Karnataka chief minister B.S. Yediyurappa. Photo: Twitter/@CMofKarnataka
New Delhi: Karnataka Chief Minister B.S. Yediyurappa will mull the possibility of legal action in a key meeting today, May 27, in the aftermath of the National Green Tribunal’s appointment of a joint committee to examine allegations of unauthorised construction in Mekedatu.
The Hindu has reported Karnataka home and law minister Basavaraj Bommai as having told reporters that the NGT acted suo motu, on the basis of a news report on alleged construction activity at a site where Karnataka had earlier proposed to build a dam on the Cauvery.
The meeting will have legal and irrigation experts, government officials, the advocate general and cabinet ministers.
Deccan Herald has it that among the chief topics in today’s meeting is whether the new NGT committee is bound by law. Bommai has reportedly questioned the legality of the fact that the Southern Bench of the NGT went ahead with the matter in the absence of an official complaint.

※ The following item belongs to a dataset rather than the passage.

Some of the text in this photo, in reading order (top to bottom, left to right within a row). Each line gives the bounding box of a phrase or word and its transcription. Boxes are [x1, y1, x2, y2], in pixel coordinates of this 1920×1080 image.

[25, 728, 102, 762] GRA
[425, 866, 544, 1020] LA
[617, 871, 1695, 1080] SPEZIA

Noting that the state is keen to assert rights over its share of Cauvery water, Bommai also highlighted that a case is pending before the Supreme Court on the matter “as Tamil Nadu has challenged the construction of the project.”

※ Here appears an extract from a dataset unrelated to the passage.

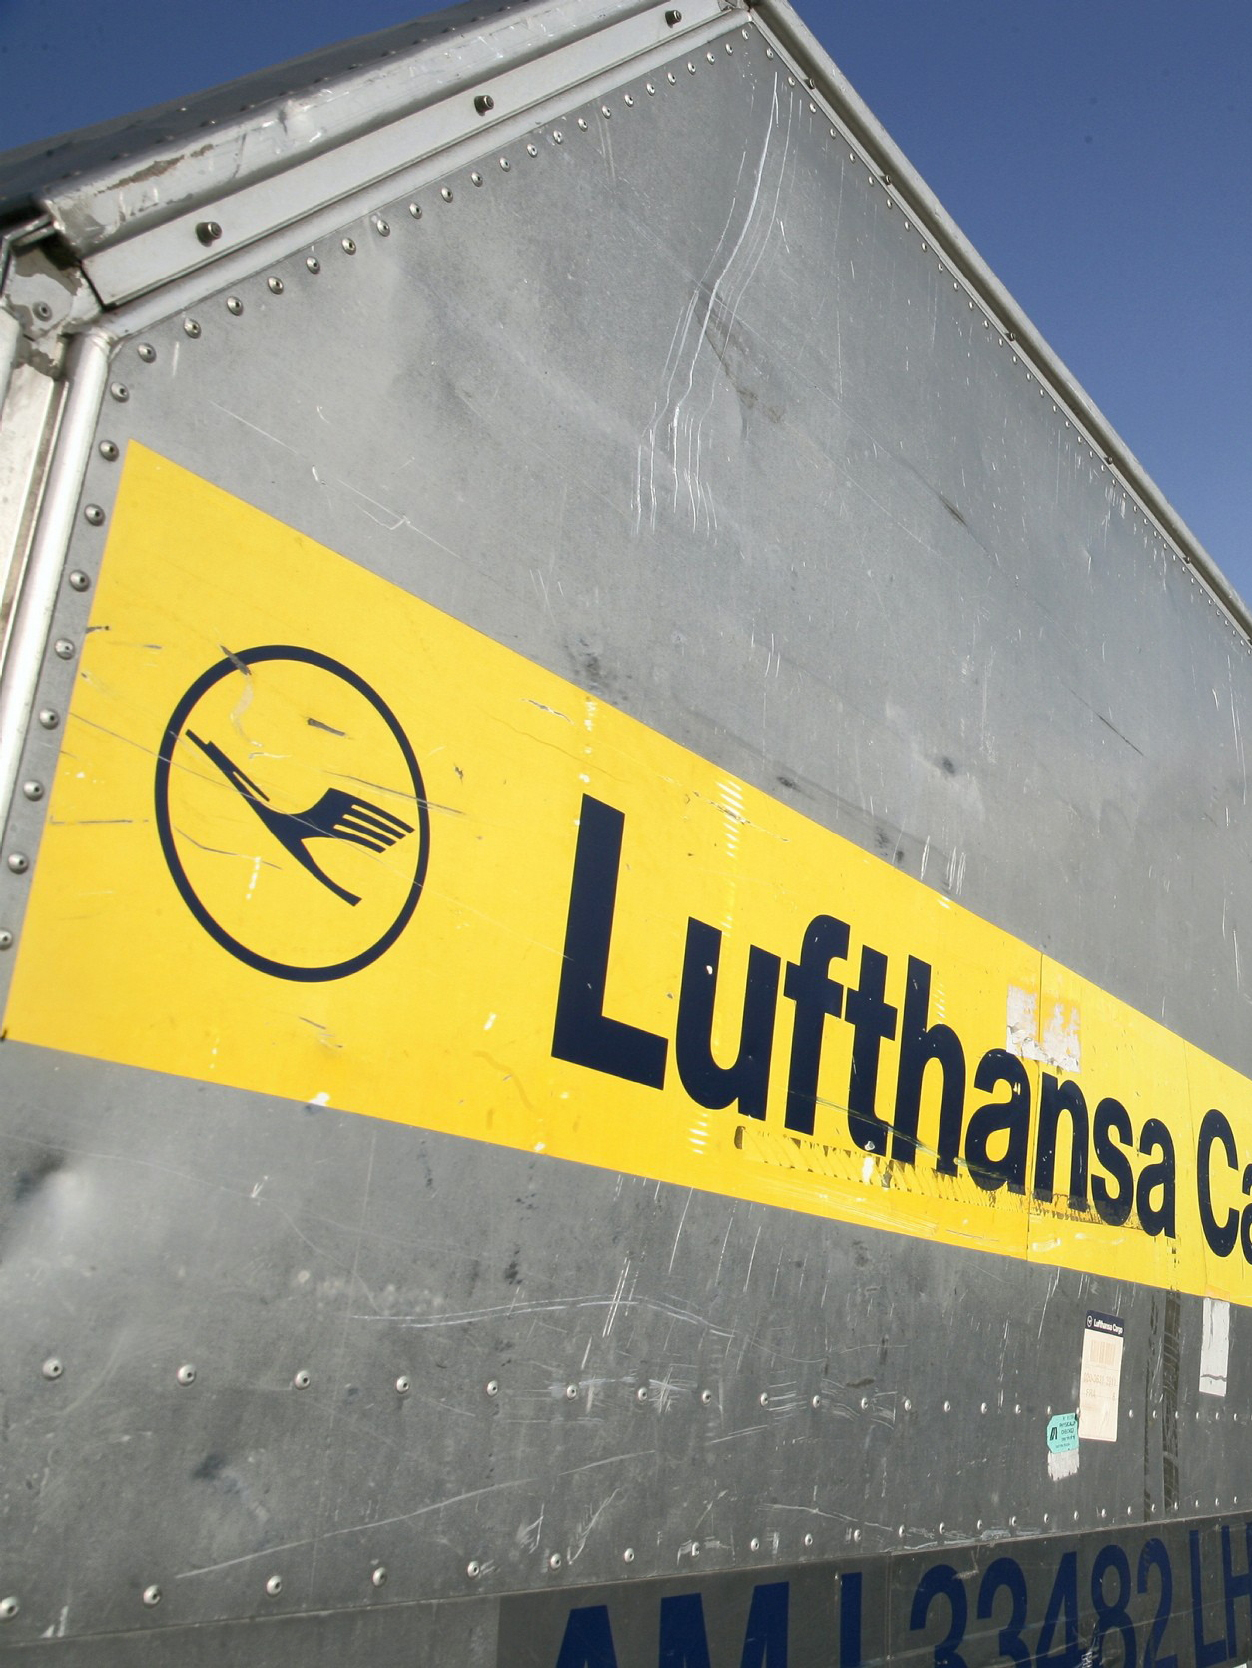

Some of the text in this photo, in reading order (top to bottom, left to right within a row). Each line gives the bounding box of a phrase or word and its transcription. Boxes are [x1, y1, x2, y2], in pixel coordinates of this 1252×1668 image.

[551, 792, 1176, 1239] Lufthansa
[1093, 1318, 1123, 1334] Lufthansa Cargo

In 2018, the Tamil Nadu government had moved the apex court with a contempt plea stating that Karnataka had disobeyed the court’s order on water sharing – a decades-old dispute between the two states that ended in a Supreme Court verdict in the same year.
The Cauvery flows through a steep gorge at Mekedatu in Karnataka. A Rs 9,000-crore drinking water project proposed by the state there has been touted as one strictly not meant for irrigation purposes. Tamil Nadu has held that the project violates Karnataka’s water sharing allocation as it will channel more water towards Karnataka during drought-like situations.
The project has also raised environmental concerns.
In 2020, then state water resources minister Ramesh Jarkiholi had said that an approval from the Union environment ministry “is crucial since 63% of the forest area” in the sanctuary will be submerged as a result of the project.
Conservationist Abhijit Dutta wrote as much: “The Mekedatu dam, with a capacity of 67 TMC, is set to come up near the confluence of the Arkavathy and Cauvery streams at a place called Sangama, inside the sanctuary, and will inundate around 50 sq. km of forests. This will have an adverse impact on species like the critically endangered orange-finned mahseer and the endemic grizzled giant squirrel.”
“If the project is to be implemented without conducting any environmental impact assessment study and without obtaining necessary clearance, if any required, then it will be an unauthorised act affecting the environment,” the NGT had told The Hindu.